4. Plan Your Network Address Space
Planning your network address space is not something that is unique to Gen AI platforms; it is an important part of designing any production platform. It is crucial to know which components will be making up the platform during the design phase, so that the address space can be allocated appropriately. Remember; all compute needs address space! So the first step is to understand how much compute is required, which can be a tricky task. This could involve right-sizing your Databricks clusters, or deciding how many scale units you may need for your Function Apps. Whatever the technology, if it uses compute, we must understand the required size.
Whatever the estimated sizing requirement, always plan for scaling.
As an example:
Function Apps always have one inbound IP address and, by default, a small handful of outbound IP address (roughly 4-8). Therefore let’s assume a maximum of 9 IP addresses is needed. When scaling out Function Apps, Azure may need to add more outbound IP addresses. Assuming we want to scale out by a handful of units, let’s triple the required outbound IPs. This gives us 25 IPs (24 outbound plus 1 inbound), meaning a
/27
sized subnet - giving 30 usable IP addresses - would give us enough space for the app plus a decent amount of space for scaling without being too wasteful.
That was just an example of one app; it is important to consider the platform as a whole: perhaps you’re using Function Apps, Databricks, and everything is Private Endpoint-ed (each Private Endpoint is one IP address). Understanding the sizing requirements of all of this holistically enables you to get a good estimation of the required VNet size, as well as an appropriate subnet split.
This is my favourite tool for subnet splitting.
5. Don’t Neglect the DevOps Part of FMOps
As with any platform, DevOps is a key part of productionisation. My top tips are:
- Use a good branching strategy and stick to it. I recommend GitFlow: isolate feature code into feature branches and maintain a clean main branch. Use a development branch as a gateway between features and main.
- Use a good naming convention for branches, such as including your initials and work item ID to increase auditability.
- Implement CI/CD pipelines and prevent local deployments. All deployments should be monitored and auditable. This goes for all data plane application code as well as infrastructure.

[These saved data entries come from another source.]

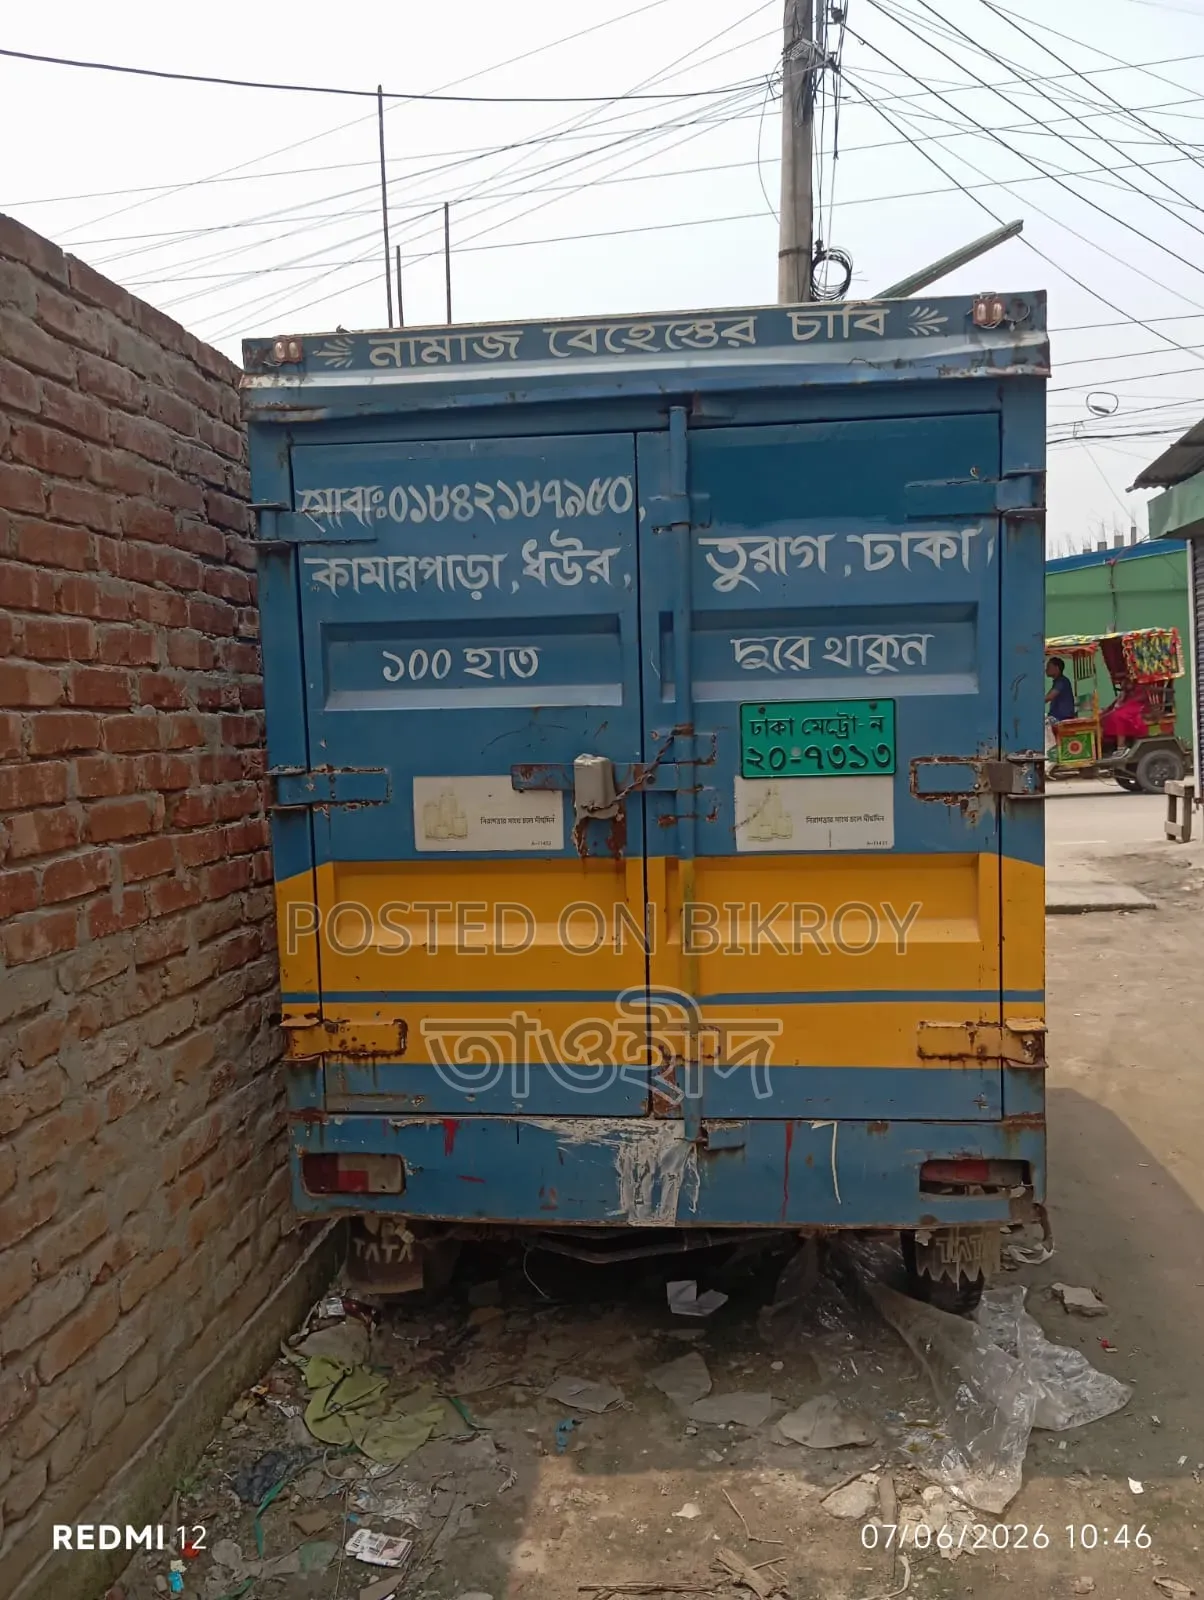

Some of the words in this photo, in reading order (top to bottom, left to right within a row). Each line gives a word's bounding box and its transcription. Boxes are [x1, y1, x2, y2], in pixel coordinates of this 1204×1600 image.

[368, 330, 523, 368] নামাজ
[786, 304, 890, 341] চাবি
[382, 649, 452, 682] ১০০
[463, 646, 542, 679] হাত
[822, 633, 935, 675] থাকুন
[749, 716, 795, 737] ঢাকা
[869, 715, 885, 734] ন
[746, 743, 891, 770] ২০-৭৩১৩
[352, 1238, 413, 1264] TATA
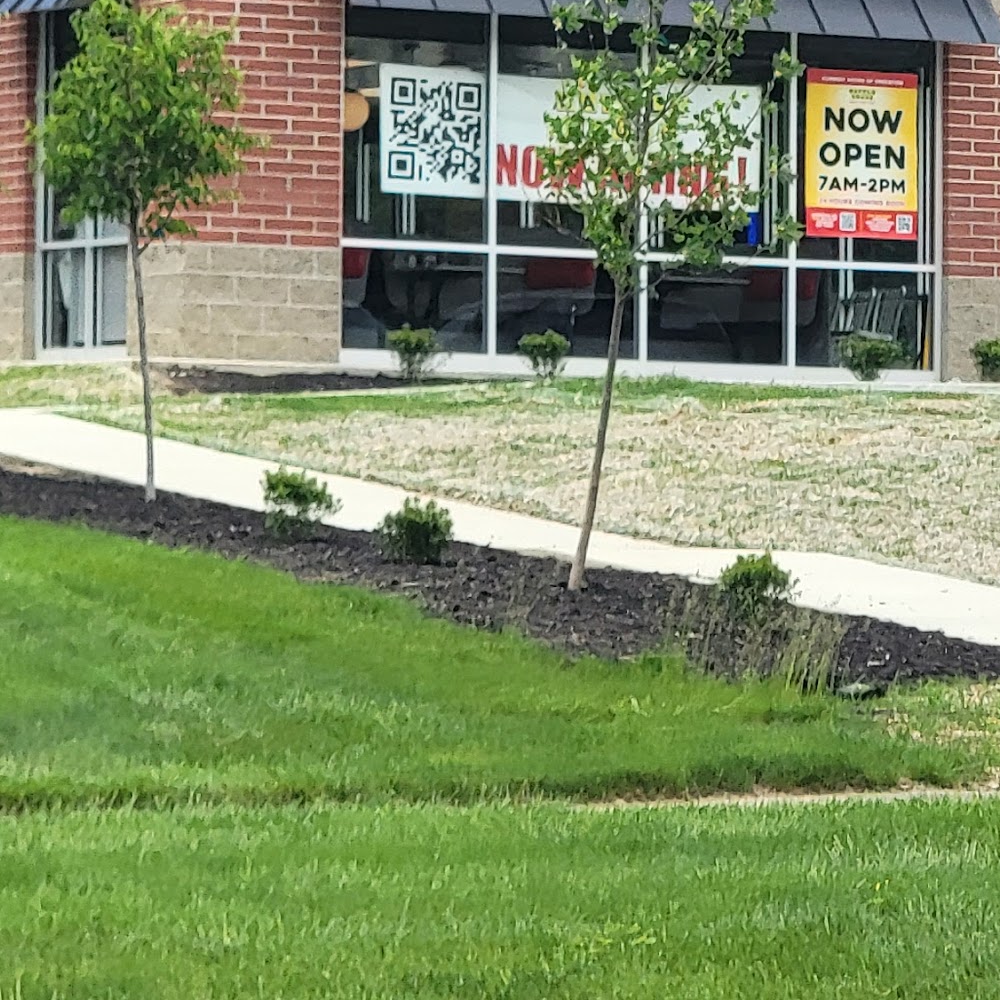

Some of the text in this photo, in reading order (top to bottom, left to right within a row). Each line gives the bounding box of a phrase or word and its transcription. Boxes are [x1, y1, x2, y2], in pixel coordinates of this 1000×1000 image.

[824, 106, 903, 134] NOW
[819, 141, 906, 169] OPEN
[818, 175, 906, 194] 7AM-2PM
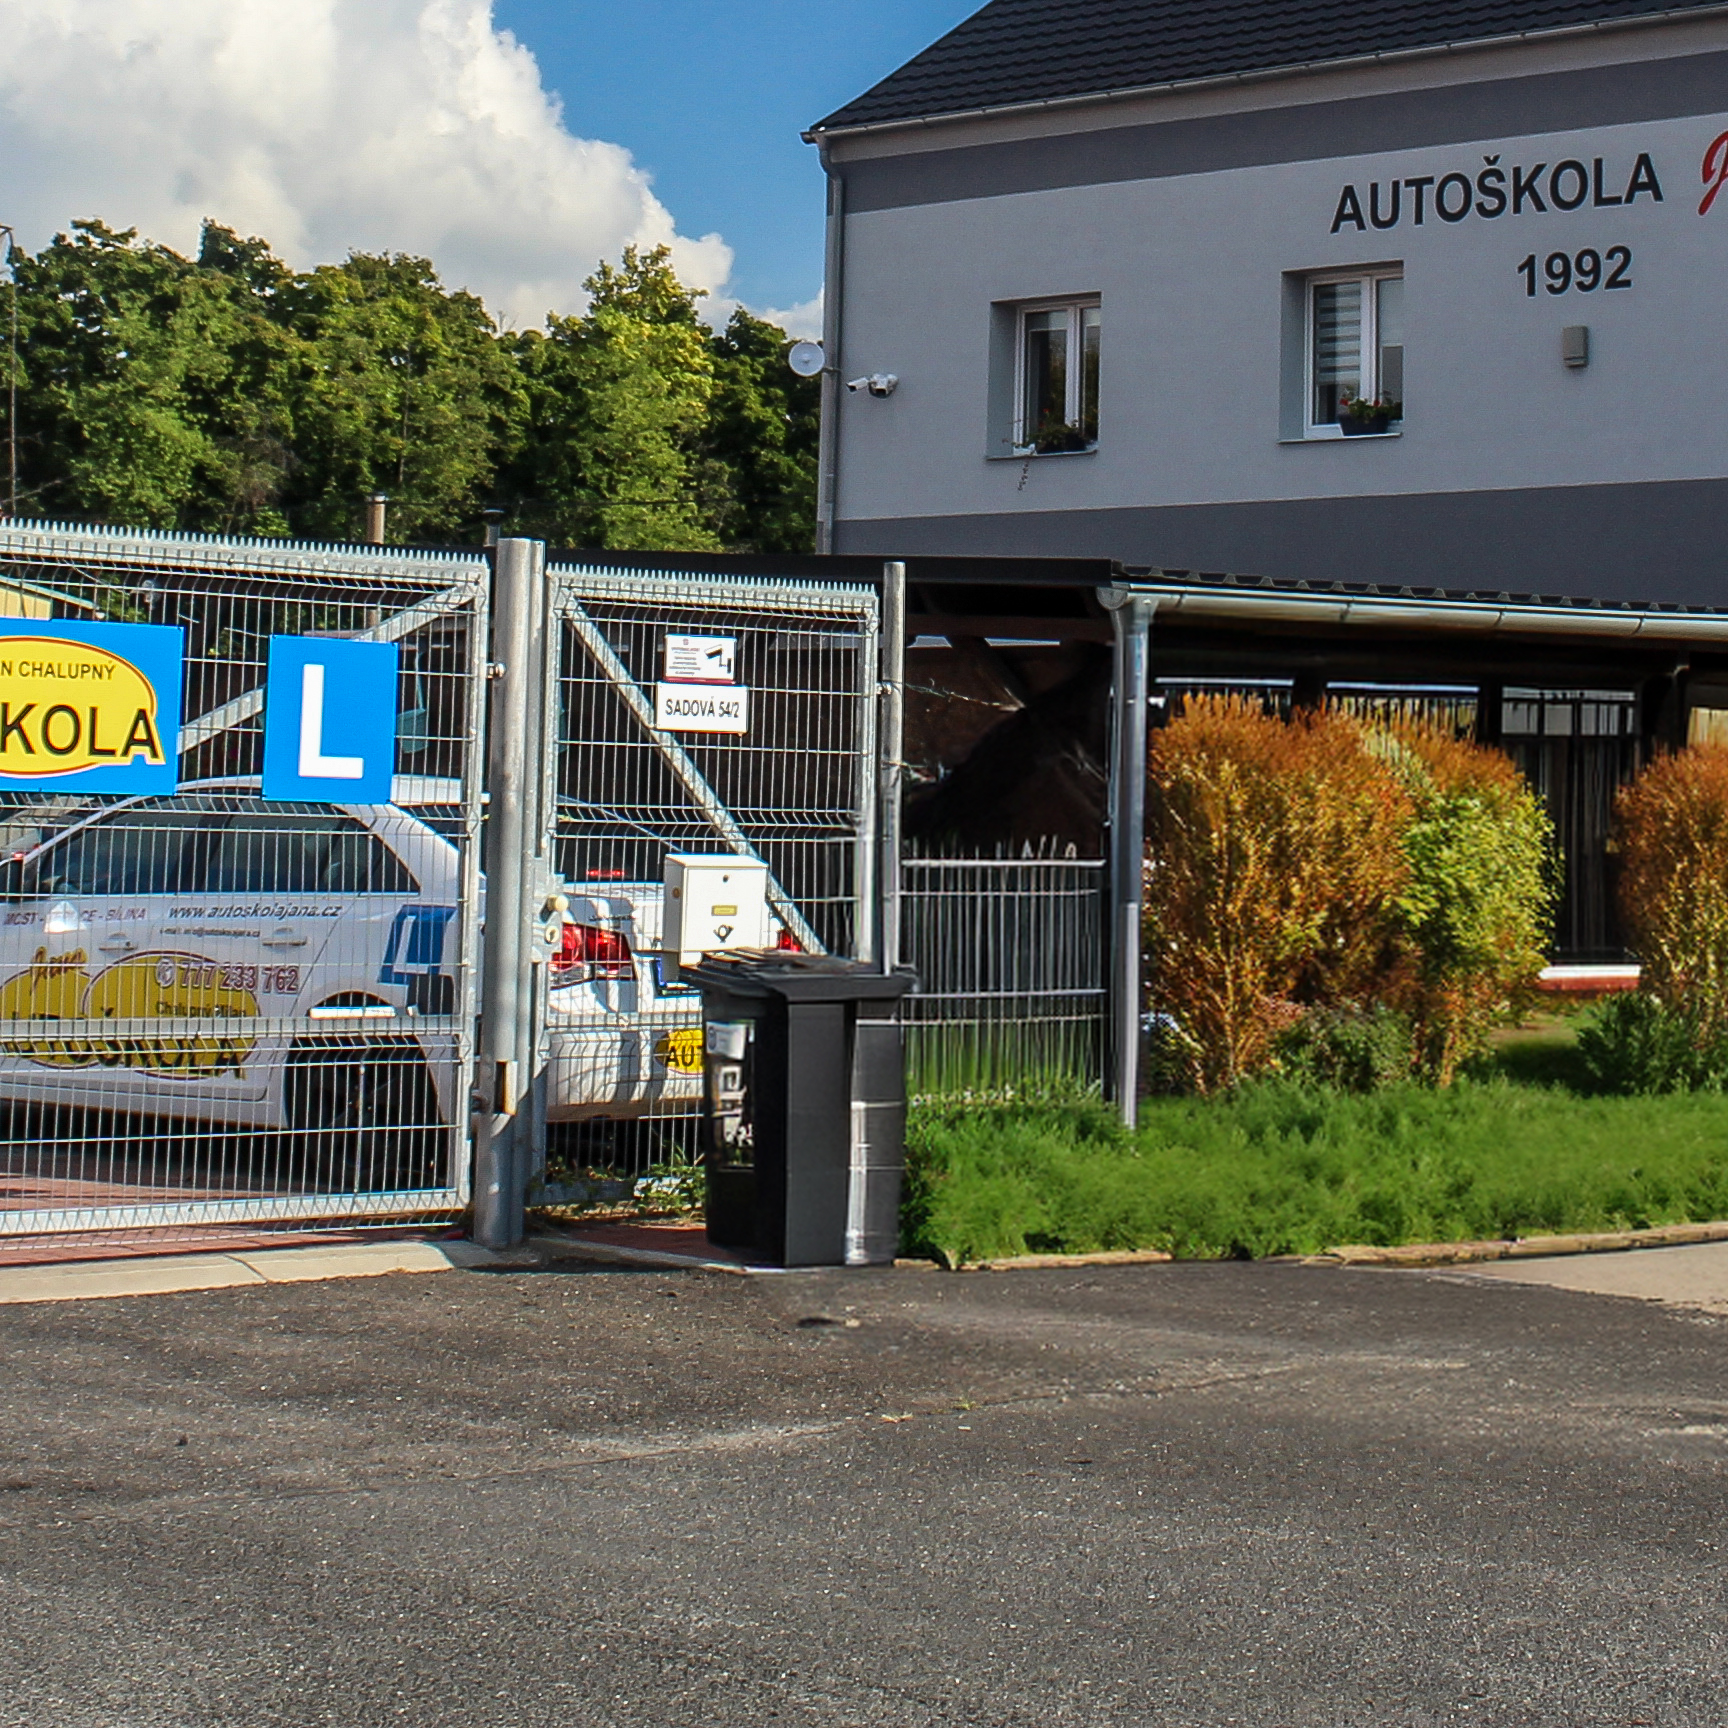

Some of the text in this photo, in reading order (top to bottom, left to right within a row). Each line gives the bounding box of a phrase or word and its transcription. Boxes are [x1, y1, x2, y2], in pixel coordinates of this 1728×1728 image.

[1329, 152, 1665, 234] AUTOŠKOLA
[1517, 245, 1632, 297] 1992
[18, 660, 116, 681] CHALUPNÝ
[298, 663, 364, 779] L
[665, 695, 740, 718] SADOVÁ 54/2
[168, 902, 344, 921] www.autoskolajana.cz
[180, 959, 300, 994] 777 233 762

- Implement security controls such as 2 minimum required reviewers on Pull Requests into the main branch and approval gates on deployments to Production.
Conclusion
These are my 5 tips for designing Production-ready Gen AI Platforms! Gen AI is flashy and fun, but - unfortunately - a production platform always needs the “boring” foundations of robust security and solid processes.
P.S. I’d like to thank the Advancing Analytics AI Team for teaching me so much about Gen AI over the last few months!